I’m a big fan of the art books by Andrew Loomis. Every time I read “Creative Illustration” I find something new and I often think: “Why didn’t anyone show me this before?”
On page 116 he writes about a painting technique he calls the soft approach. Large tones are painted in directly and edges are softened immediately. After that details are added while the paint is wet.
I have drawn quite a few portraits in pencil and charcoal that turned out well, but I find portraits in color still difficult to do. Taking one step back to black and white paint is a good exercise.
This is the first of three blog posts of the painting in progress.
I started with copying the charcoal underdrawing on Canson Figueras oil paper. This paper has a linen-like surface and can be painted on with oil or acrylic without further preparation.

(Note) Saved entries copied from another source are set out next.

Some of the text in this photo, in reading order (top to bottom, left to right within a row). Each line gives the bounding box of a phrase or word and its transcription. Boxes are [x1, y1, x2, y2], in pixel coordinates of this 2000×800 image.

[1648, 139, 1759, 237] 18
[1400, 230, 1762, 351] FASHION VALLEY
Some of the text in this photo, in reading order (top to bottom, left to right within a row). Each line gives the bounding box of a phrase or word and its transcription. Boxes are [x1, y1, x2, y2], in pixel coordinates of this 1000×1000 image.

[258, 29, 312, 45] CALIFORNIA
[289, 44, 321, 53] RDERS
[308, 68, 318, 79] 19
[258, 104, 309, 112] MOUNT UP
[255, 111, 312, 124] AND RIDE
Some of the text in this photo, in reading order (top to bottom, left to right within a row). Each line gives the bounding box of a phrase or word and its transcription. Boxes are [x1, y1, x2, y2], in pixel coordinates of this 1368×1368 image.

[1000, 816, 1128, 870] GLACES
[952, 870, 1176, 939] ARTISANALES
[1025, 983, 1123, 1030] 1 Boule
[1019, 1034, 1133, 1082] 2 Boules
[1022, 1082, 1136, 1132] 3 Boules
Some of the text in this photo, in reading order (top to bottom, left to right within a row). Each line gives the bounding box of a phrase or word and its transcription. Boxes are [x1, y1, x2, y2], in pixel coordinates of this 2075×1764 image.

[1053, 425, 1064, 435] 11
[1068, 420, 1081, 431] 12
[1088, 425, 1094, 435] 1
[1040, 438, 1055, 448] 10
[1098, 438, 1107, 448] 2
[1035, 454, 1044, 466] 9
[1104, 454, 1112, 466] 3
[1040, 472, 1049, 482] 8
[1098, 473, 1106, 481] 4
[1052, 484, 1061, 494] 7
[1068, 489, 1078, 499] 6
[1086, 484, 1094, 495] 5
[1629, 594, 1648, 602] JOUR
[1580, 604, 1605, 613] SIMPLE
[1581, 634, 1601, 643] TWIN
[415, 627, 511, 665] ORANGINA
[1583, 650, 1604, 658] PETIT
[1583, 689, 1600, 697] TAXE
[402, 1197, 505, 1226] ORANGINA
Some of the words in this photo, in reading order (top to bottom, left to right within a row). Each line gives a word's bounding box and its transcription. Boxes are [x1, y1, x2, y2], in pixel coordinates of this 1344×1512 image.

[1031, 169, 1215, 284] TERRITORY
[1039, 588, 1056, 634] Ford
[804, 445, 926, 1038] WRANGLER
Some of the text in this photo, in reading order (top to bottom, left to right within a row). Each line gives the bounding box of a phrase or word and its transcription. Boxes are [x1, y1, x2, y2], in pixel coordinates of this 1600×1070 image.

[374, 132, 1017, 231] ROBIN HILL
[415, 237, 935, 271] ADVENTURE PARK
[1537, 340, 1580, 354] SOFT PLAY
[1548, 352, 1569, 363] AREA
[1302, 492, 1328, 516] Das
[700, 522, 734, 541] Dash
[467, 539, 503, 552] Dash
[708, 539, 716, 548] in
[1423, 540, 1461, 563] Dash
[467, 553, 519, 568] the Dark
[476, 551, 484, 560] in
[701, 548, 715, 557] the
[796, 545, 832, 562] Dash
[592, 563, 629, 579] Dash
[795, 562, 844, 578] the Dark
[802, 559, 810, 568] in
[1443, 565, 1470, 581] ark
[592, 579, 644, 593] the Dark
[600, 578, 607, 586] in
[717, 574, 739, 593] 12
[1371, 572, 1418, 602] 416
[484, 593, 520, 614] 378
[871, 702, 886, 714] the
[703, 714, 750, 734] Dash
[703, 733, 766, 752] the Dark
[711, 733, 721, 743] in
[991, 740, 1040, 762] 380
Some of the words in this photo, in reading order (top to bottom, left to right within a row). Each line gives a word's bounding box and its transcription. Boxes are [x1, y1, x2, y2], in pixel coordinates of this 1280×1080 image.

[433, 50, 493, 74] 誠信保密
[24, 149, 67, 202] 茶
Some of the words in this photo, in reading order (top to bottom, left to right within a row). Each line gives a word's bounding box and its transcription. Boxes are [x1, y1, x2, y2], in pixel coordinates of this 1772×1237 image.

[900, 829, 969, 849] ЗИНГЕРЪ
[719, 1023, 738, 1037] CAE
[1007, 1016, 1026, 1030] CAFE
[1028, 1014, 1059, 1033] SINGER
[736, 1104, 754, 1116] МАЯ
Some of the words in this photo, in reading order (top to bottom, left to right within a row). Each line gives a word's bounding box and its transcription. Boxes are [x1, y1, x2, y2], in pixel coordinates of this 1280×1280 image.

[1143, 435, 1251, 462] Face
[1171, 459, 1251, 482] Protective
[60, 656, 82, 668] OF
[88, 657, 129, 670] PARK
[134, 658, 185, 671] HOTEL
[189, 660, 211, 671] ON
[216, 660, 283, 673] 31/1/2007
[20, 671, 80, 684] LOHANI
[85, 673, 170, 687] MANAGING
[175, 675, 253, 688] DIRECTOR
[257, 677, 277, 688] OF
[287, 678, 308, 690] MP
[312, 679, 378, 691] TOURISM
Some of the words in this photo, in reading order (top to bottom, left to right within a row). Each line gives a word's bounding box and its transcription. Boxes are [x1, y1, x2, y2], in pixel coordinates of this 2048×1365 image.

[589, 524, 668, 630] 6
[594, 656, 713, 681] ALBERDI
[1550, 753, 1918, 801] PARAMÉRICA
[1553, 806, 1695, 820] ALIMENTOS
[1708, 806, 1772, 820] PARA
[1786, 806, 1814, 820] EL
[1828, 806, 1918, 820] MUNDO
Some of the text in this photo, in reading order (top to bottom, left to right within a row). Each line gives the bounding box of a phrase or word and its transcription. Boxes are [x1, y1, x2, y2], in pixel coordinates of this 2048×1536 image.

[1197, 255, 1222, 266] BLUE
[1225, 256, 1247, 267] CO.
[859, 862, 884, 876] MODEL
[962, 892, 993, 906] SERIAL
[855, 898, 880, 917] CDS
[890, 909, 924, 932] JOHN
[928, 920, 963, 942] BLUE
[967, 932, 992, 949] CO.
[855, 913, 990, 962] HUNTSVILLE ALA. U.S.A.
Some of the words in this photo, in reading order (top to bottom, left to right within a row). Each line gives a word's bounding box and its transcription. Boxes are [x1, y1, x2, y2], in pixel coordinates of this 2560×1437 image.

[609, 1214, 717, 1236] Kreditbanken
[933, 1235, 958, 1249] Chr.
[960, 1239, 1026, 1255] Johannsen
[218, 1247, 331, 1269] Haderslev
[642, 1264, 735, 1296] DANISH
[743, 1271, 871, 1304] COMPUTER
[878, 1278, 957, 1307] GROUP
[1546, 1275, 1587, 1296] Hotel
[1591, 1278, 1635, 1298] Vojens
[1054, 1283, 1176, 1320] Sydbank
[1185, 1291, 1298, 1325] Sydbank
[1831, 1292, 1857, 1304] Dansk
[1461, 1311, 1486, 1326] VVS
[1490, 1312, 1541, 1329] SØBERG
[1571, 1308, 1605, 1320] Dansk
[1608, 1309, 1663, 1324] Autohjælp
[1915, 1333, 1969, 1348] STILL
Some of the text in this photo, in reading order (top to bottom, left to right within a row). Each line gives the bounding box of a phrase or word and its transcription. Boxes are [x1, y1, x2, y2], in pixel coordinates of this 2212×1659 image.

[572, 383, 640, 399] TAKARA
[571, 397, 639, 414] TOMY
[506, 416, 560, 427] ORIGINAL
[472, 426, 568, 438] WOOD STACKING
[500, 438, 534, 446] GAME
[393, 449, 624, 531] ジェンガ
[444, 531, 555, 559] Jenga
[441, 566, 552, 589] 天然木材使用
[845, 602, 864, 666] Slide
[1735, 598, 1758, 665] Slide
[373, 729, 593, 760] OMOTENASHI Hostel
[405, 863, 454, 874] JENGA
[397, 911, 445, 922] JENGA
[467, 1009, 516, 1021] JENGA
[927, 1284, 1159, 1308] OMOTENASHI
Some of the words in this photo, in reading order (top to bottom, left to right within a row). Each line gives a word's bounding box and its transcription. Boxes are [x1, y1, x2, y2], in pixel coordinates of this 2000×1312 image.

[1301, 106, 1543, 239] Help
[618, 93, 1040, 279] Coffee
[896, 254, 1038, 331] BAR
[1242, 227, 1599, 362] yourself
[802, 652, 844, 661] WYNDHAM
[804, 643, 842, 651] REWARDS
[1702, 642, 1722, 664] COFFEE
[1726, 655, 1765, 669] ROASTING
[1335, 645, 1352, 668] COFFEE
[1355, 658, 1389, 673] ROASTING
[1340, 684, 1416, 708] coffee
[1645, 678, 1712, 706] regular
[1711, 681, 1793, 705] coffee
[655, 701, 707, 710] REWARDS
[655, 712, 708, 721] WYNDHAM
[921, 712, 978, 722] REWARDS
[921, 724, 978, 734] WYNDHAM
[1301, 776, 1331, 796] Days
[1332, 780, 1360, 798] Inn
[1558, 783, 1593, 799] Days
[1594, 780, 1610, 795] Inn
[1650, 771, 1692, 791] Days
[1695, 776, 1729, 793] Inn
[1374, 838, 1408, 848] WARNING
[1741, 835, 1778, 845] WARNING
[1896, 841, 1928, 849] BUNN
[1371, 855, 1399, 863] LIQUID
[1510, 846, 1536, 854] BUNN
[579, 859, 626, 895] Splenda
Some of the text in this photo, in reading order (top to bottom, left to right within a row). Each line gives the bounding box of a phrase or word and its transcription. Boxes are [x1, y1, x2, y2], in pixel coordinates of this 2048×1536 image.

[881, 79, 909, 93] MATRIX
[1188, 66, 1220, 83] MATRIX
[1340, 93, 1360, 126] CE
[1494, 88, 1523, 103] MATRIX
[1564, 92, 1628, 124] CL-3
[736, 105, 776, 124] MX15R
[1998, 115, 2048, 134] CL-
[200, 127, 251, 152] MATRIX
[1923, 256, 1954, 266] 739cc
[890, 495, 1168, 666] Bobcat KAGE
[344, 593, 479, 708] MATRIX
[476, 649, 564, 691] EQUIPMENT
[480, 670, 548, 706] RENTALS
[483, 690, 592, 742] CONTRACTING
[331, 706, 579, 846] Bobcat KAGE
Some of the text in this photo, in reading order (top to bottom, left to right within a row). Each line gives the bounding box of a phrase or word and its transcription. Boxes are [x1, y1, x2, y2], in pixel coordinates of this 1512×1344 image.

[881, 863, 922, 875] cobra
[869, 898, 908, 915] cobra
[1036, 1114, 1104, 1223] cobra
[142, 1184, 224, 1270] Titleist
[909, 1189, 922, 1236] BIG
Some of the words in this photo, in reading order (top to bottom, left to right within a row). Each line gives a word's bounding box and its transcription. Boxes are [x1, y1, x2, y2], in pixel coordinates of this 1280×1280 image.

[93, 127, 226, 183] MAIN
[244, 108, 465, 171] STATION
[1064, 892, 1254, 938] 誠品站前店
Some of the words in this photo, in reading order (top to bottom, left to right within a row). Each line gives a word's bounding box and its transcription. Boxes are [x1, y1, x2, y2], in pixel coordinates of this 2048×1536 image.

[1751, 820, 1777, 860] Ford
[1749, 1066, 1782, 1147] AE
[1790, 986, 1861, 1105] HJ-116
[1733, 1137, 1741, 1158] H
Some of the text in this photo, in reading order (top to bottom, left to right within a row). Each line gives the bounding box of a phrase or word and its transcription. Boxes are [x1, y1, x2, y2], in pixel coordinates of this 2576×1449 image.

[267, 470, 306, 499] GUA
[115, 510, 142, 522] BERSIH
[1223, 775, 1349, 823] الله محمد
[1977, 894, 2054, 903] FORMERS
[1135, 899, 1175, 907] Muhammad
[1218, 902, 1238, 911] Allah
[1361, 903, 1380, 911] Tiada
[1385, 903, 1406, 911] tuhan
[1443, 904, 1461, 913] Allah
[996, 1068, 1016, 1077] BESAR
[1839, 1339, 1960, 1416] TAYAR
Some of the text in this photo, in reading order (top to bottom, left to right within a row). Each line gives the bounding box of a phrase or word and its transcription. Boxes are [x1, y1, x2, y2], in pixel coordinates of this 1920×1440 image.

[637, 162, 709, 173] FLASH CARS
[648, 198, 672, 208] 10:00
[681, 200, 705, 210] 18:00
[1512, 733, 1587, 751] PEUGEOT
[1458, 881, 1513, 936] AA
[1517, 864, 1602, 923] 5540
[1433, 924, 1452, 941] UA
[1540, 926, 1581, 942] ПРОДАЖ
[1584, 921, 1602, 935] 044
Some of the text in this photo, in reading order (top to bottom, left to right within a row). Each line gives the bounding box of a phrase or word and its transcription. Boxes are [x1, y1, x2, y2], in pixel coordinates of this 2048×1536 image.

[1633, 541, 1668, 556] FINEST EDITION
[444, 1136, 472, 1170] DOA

I made the drawing fairly quick. Looking back I found that it is essential to take the time to make an accurate drawing first. My aim was not to get a perfect likeness, but next time I will be more careful to get the proportions right. I always seem to have problems with the jaw line and had to correct this later on while painting. Checking the drawing in a mirror is something I should do more often.
Another problem came up while fixing the drawing. The paper doesn’t absorb the fixative very well and the charcoal started running. I quickly laid the drawing on the floor to let it dry. Lesson learned: It’s better to spray on three or more very light coatings than one.
Ready to start painting in the next part!